> Work request:
Every record below should be written out exactly; pictures stay out.

> Excerpted data:
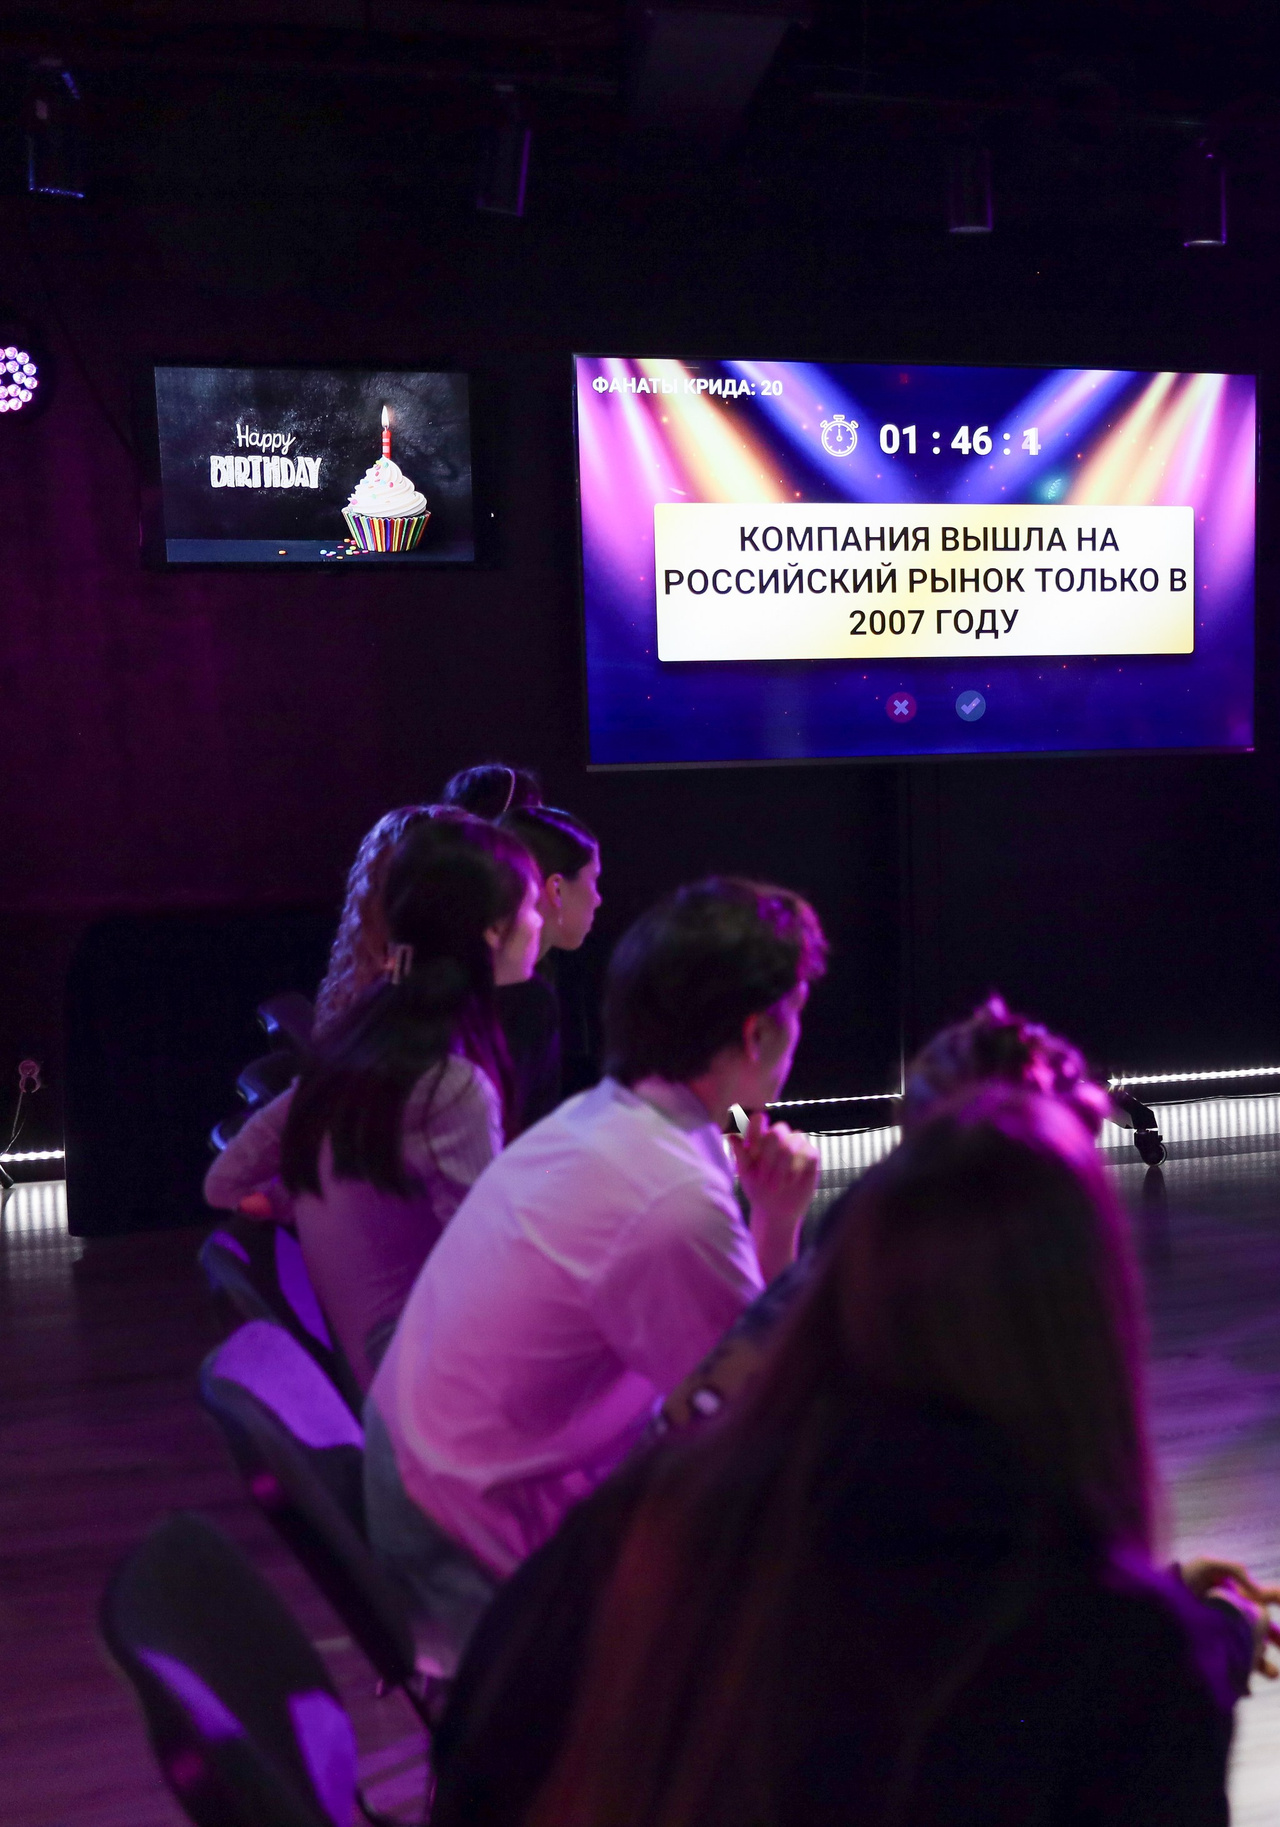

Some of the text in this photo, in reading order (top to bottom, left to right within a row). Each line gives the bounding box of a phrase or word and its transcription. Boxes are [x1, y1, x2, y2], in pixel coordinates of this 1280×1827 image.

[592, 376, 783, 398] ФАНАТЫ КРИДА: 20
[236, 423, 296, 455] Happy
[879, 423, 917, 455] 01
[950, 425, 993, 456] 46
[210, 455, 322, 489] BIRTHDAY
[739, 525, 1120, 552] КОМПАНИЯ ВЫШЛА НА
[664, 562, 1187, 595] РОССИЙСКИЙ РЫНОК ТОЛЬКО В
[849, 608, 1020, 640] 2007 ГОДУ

> Task result:
Some of the text in this photo, in reading order (top to bottom, left to right within a row). Each line gives the bounding box of a phrase or word and its transcription. Boxes are [x1, y1, x2, y2], in pixel coordinates of this 1280×1827 image.

[592, 376, 783, 398] ФАНАТЫ КРИДА: 20
[236, 423, 296, 455] Happy
[879, 423, 917, 455] 01
[950, 425, 993, 456] 46
[210, 455, 322, 489] BIRTHDAY
[739, 525, 1120, 552] КОМПАНИЯ ВЫШЛА НА
[664, 562, 1187, 595] РОССИЙСКИЙ РЫНОК ТОЛЬКО В
[849, 608, 1020, 640] 2007 ГОДУ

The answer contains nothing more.